We all have little (and big) thing that irritate us. Some of mine:
Hangers that don’t function. It never fails. Whenever I start looking at clothes in a store, they slip off the hangers. Everyone in the fashion industry seems to hang their stock on the same thin, cheesy, narrow hangers. You’d think a store that’s selling expensive clothes wouldn’t want them falling on the floor all day long.
Food in salad bars that looks like it’s been sitting there for days. There’s a “gourmet” food store in Manhattan with a salad bar so distasteful looking that the health department should condemn it.
Executives who hire officious assistants or train their assistants to be officious. You can always tell how nice a boss is going to be by how his assistant treats you.
People who are constantly checking their Blackberry while you’re talking to them.
People who don’t mute their cell phones in restaurants.
People who talk loudly on their cell phones in public, especially on buses.
People who never ever ask you anything about yourself but babble on and on about themselves.
People who don’t have a nice word to say about anything.
Buying lipstick. Why hasn’t anyone invented a clever way to see how a shade will look on your lips without having to use the demo colors.
People who listen to their iPod or text on the crowded streets of Manhattan and endanger their own life, and the lives of others, because they can’t hear or see what’s going on around them.
I am loving the new trend in clothes: bigger is better. Sweaters, coats, and dresses are slouchier and oversized, but not sloppy. Cuts are asymmetrical; shirt backs are longer than fronts so our tushes are covered when we wear leggings; fabrics are drapier, softer and sexier.
Fashion mavens claim it’s better to wear more fitted clothes when you’ve got a little heft (like I do in my hips), and although the latest designs are definitely not fitted, they’re still flattering.
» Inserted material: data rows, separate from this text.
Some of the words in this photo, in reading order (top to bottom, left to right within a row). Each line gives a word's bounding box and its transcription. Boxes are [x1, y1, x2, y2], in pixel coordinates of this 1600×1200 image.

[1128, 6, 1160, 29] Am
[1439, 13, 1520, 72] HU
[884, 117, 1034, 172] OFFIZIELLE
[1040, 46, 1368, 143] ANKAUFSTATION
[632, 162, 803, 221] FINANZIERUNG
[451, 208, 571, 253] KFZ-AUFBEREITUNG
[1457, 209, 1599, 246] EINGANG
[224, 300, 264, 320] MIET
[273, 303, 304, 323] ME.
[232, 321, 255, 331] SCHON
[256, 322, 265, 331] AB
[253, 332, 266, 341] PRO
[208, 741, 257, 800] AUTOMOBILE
Hip and fresh, too.
When I was 42 and weighed 127 pounds, I loved sliding into pencil thin slacks, fitted blazers and tight-ish tops. I’ll never see 127 again–and 42 is ancient history–but I’ve outgrown that look anyway (figuratively as well as literally.)
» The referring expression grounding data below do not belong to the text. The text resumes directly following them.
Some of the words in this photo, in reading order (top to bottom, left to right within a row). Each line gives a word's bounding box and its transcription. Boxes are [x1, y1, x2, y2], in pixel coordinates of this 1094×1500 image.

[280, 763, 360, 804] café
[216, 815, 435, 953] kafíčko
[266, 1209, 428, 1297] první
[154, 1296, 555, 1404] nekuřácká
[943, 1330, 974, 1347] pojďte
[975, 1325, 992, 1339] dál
There’s something liberating about clothes that don’t force us to suck in our tummies and scrunch in our waists. I want to be fit and healthy, but I don’t need to be a size 8 anymore. It was fun while it lasted, but it was destined not to last forever.
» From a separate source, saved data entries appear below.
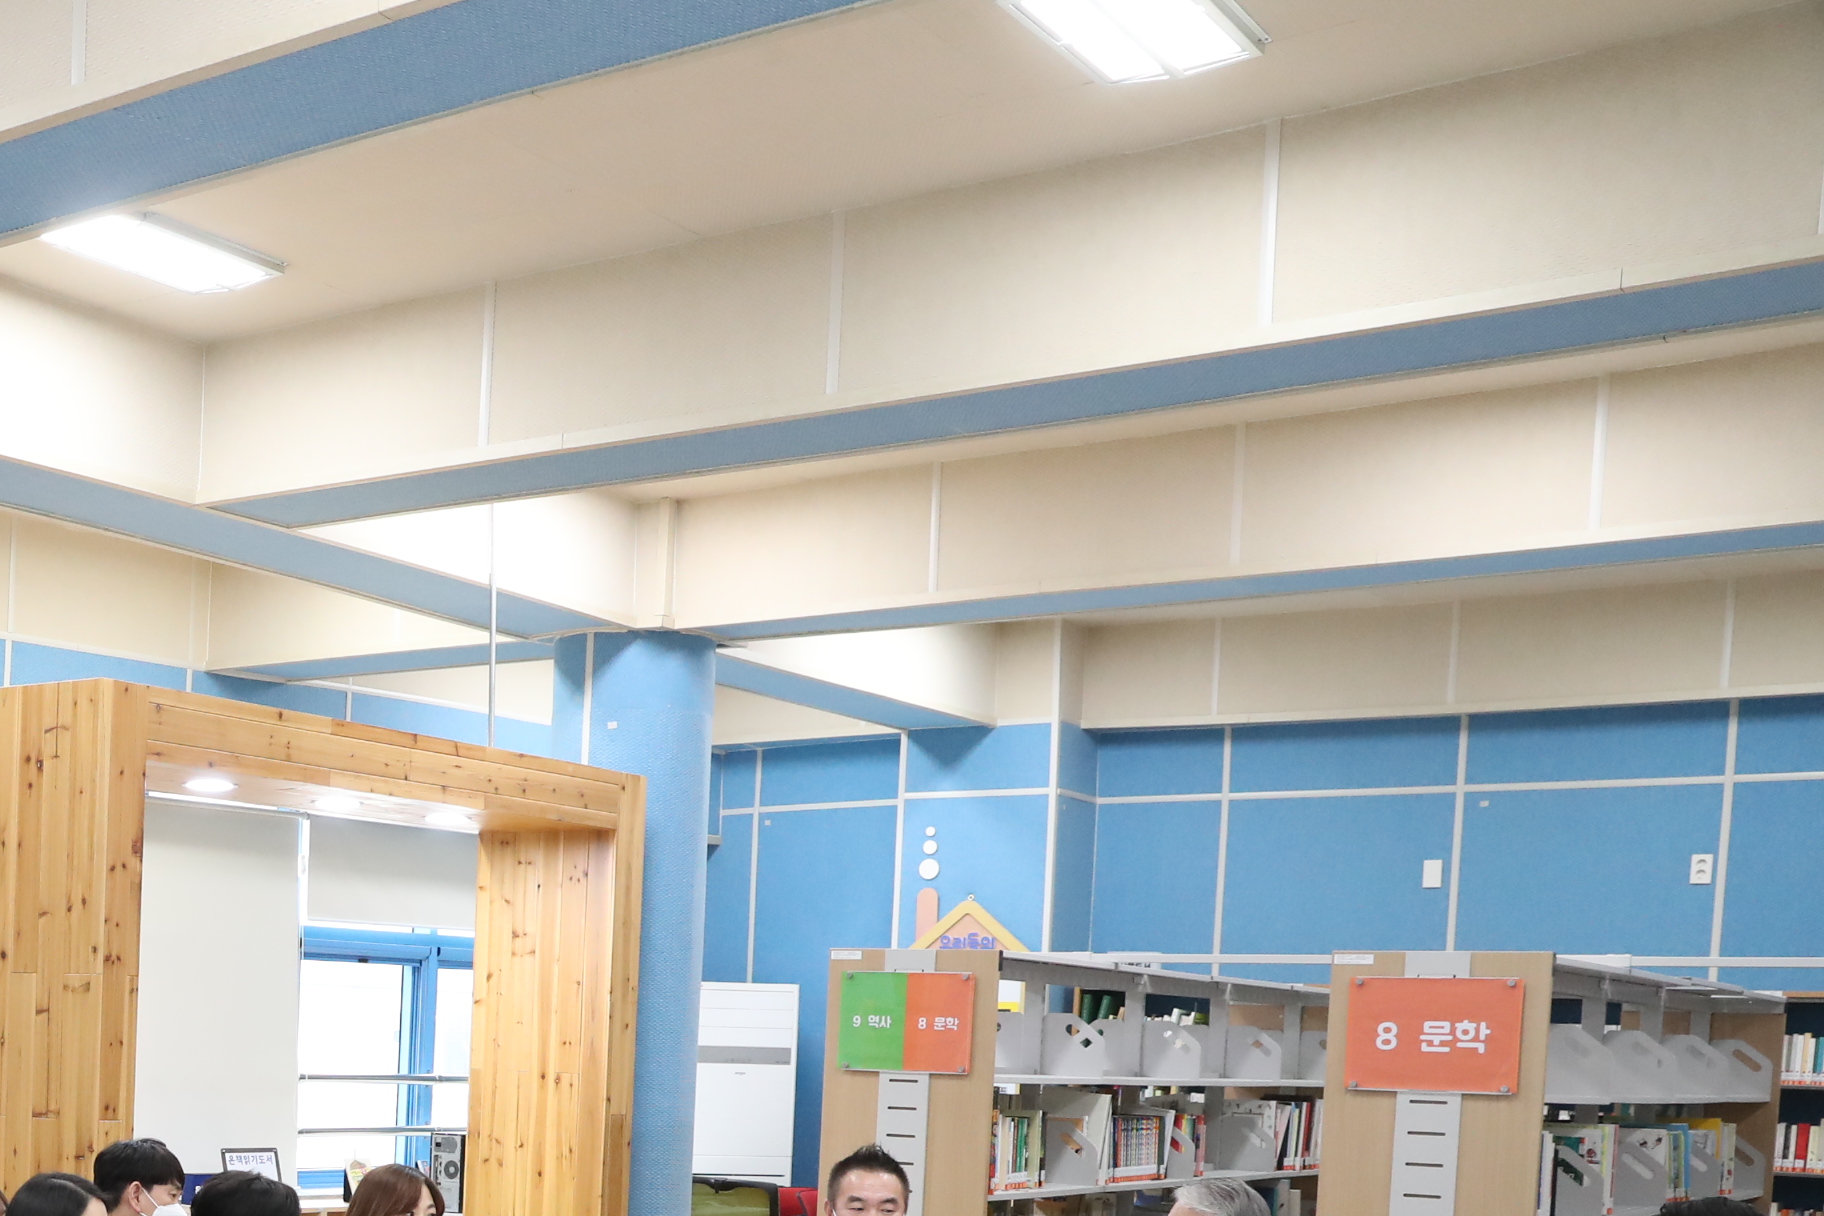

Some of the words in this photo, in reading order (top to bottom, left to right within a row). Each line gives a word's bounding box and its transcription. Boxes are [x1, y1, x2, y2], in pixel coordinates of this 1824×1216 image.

[852, 1015, 861, 1027] 9
[868, 1015, 892, 1028] 역사
[917, 1017, 927, 1029] 8
[933, 1017, 959, 1030] 문학
[1376, 1022, 1398, 1050] 8
[1419, 1020, 1491, 1053] 문학
[228, 1154, 273, 1165] 온책읽기도서
I’ll never forget seeing my 61-old-friend in her bra and undies when I was a svelte 41. Although Mary was a size 2, her tummy was slack and hung a bit over her bikinis. Is that what happens in your sixties, I thought.
It sure is. Unless you’re Jane Fonda, I guess.
Once upon a time, Diana Vreeland's fashion, beauty, travel, art and entertaining recommendations were the only ones that counted to American women who wanted to be "in style."
Responses started pouring in when we asked FOF members to add their favorite nail salons to the site. We sure love our manicurists, hair stylists and trainers, and all the other talented people we call on to make us feel and look good. And we enjoy sharing our fab faves with our FOF friends. We trust each other’s recommendations.
I’ve been at business meetings where one high-powered woman will ask another where she bought her dress, had her hair colored or found the great necklace she was wearing. We have this marvelous ability to concentrate on the business at hand and on the other things that count to us (jewelry and clothes, for example).
The web is wonderful because it allows us to spread the word about almost anything. (Of course, this isn’t always good since many people also use it destructively.) Back in the day, we learned about the best of everything primarily through magazines and lifestyle pages of newspapers, where editors’ opinions were the only ones that had a platform.
I was one of these editors. Imagine, at the ripe old age of 25 I was telling readers which clothes were stylish, which home furnishings would make their homes sparkle and where to take vacations, just because I worked at a newspaper and a boss gave me an editor title. I surely lacked the qualifications to be anointed an arbiter of good taste, but arbiter I was nevertheless.
All FOF members are editors at faboverfifty.com. We call FOF the place where women of substance share their style. Pretty cool, eh?
It’s so much fun for me to meet new FOF women who are bursting with energy, talent and creativity. It’s contagious and it confirms that we are the most exciting women on the planet. Makeup artist, Jennifer Snowdon, visited the FOF offices today to demonstrate exactly how much makeup we need to wear and how to apply it. While we were all chatting away before the beauty lesson began, Jennifer told a good story:
“I recently finished working practically non-stop on a film project with a crew of twenty and thirty year olds. I slept three or four hours a night for 20 nights. We were going non stop all day long. One day I enthusiastically jumped out of the trailer with my makeup kit in hand and bumped into a young man from the crew. He couldn’t believe my spunk. ‘How old are you?’ he asked, confused how anyone older than 25 could be so lively.”
Like Jennifer, I am blessed with an enormous amount of energy, which belies my age (63). While young people around me complain about feeling tired because they stayed up too late or say they’re under the weather if they have the sniffles, I usually don’t give in to aches, pains and other maladies unless I literally can’t get out of bed.